An exact transcription of each entry below is required, without any pictures.

DATA EXCERPTS below:

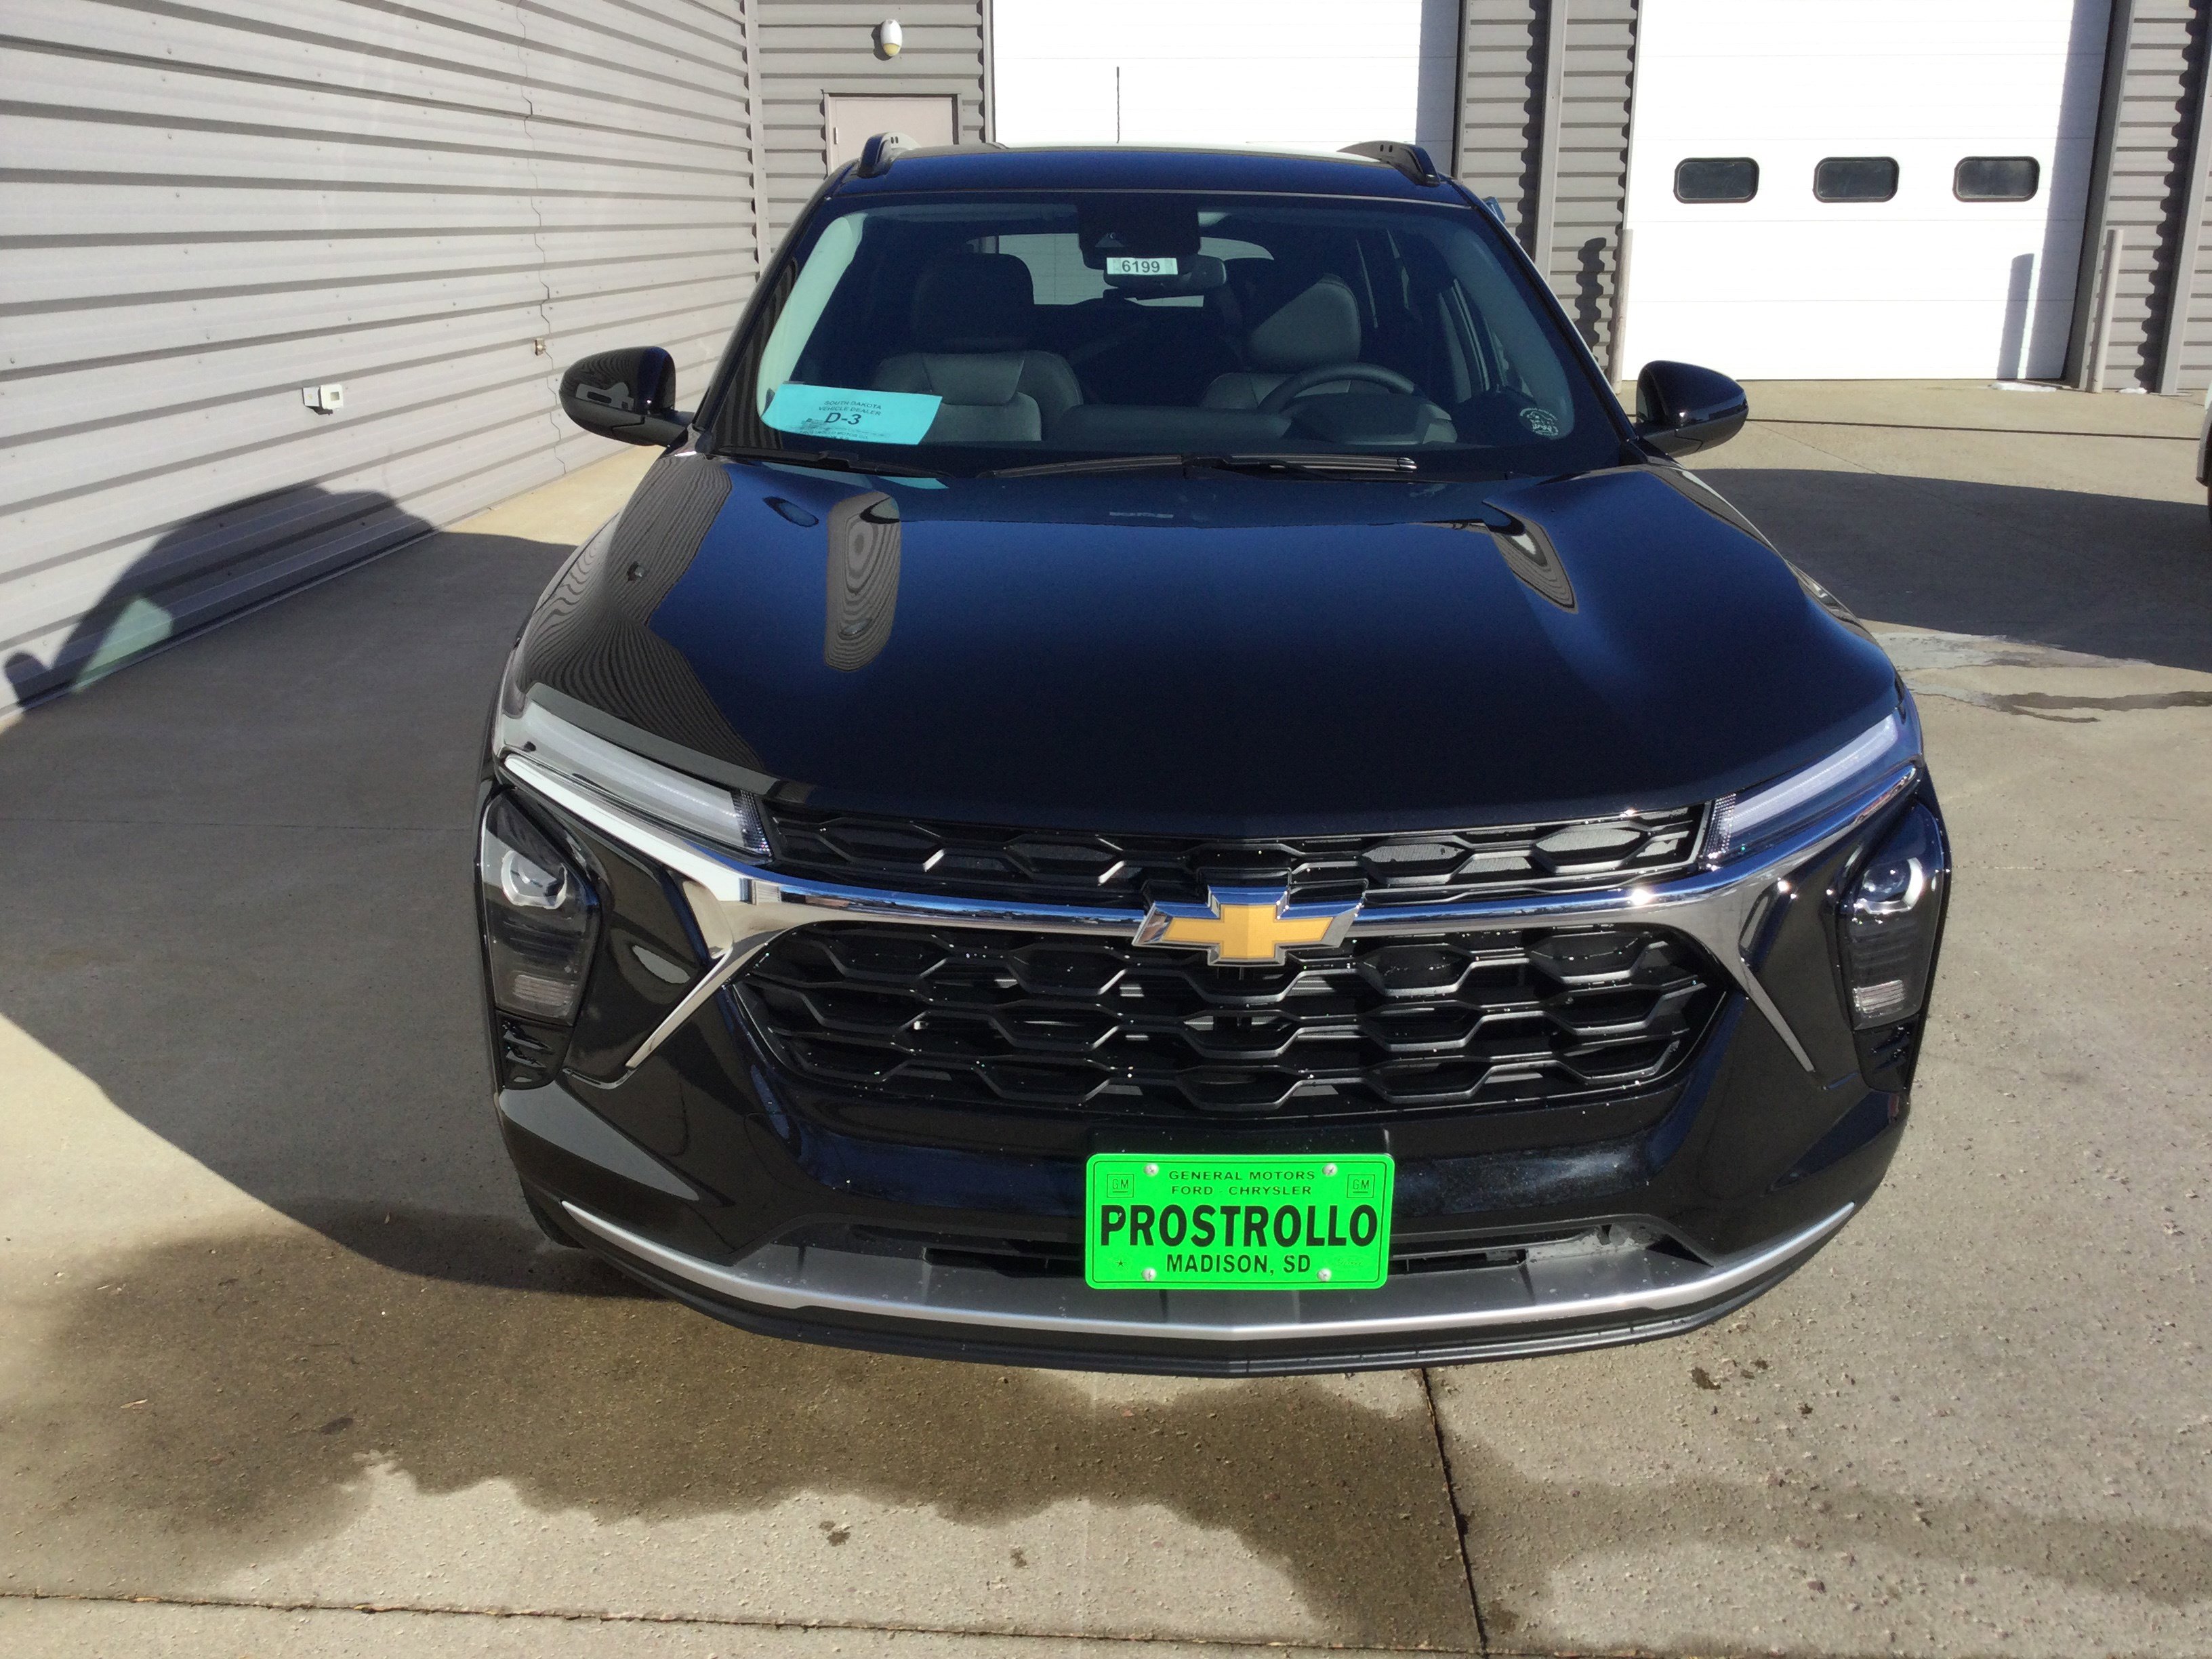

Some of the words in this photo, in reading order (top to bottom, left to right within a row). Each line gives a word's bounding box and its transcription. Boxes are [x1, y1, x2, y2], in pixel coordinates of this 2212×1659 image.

[1122, 260, 1160, 273] 6199
[850, 401, 882, 410] DAKOTA
[850, 407, 882, 416] DEALER
[824, 412, 862, 425] D-3
[1169, 1170, 1242, 1181] GENERAL
[1249, 1170, 1315, 1181] MOTORS
[1112, 1179, 1129, 1189] GM
[1353, 1179, 1370, 1190] GM
[1171, 1185, 1213, 1195] FORD
[1229, 1186, 1311, 1195] CHRYSLER
[1100, 1204, 1378, 1248] PROSTROLLO
[1166, 1254, 1274, 1276] MADISON,
[1283, 1254, 1311, 1273] SD
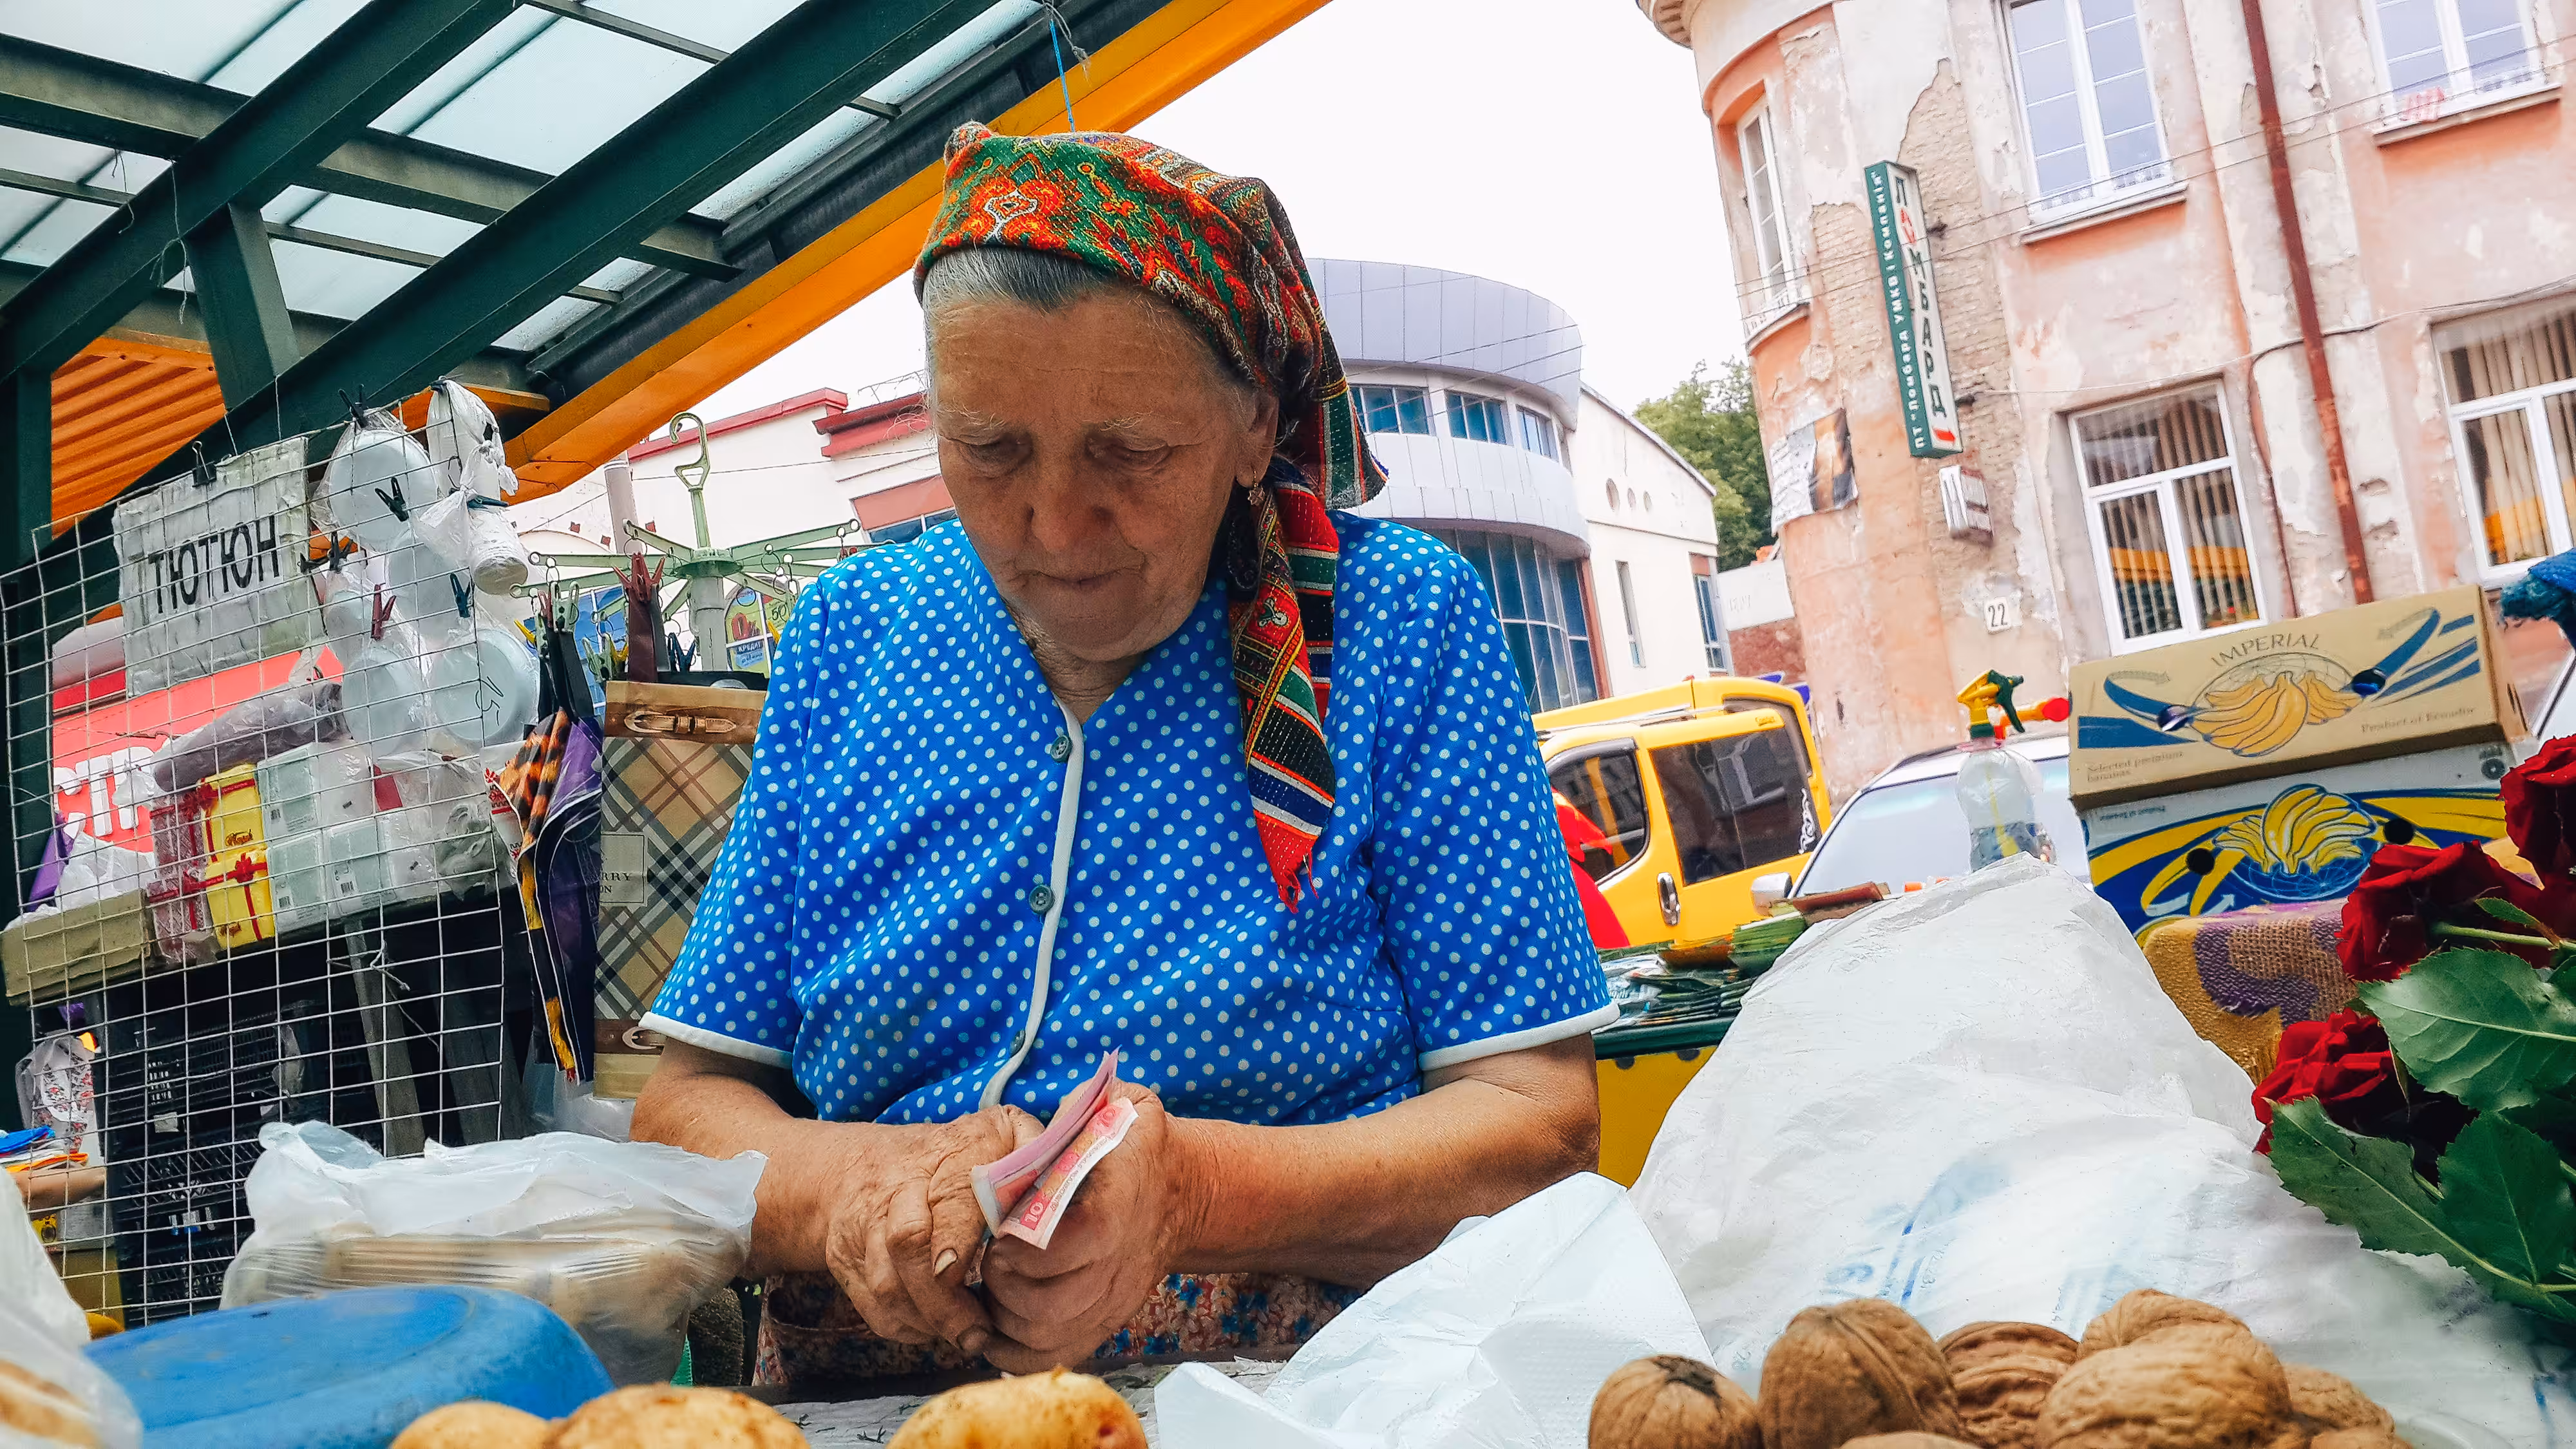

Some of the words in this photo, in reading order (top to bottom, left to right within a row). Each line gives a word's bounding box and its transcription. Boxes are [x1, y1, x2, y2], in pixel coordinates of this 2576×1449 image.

End of DATA EXCERPTS.

RESPONSE FOR THIS EXERCISE.
Some of the words in this photo, in reading order (top to bottom, left to right within a row). Each line gives a word's bounding box and its transcription. Boxes are [x1, y1, x2, y2], in pixel coordinates of this 2212×1659 image.

[1122, 260, 1160, 273] 6199
[850, 401, 882, 410] DAKOTA
[850, 407, 882, 416] DEALER
[824, 412, 862, 425] D-3
[1169, 1170, 1242, 1181] GENERAL
[1249, 1170, 1315, 1181] MOTORS
[1112, 1179, 1129, 1189] GM
[1353, 1179, 1370, 1190] GM
[1171, 1185, 1213, 1195] FORD
[1229, 1186, 1311, 1195] CHRYSLER
[1100, 1204, 1378, 1248] PROSTROLLO
[1166, 1254, 1274, 1276] MADISON,
[1283, 1254, 1311, 1273] SD

Some of the words in this photo, in reading order (top to bottom, left to right within a row). Each line gives a word's bounding box and its transcription. Boxes are [x1, y1, x2, y2], in pixel coordinates of this 2576×1449 image.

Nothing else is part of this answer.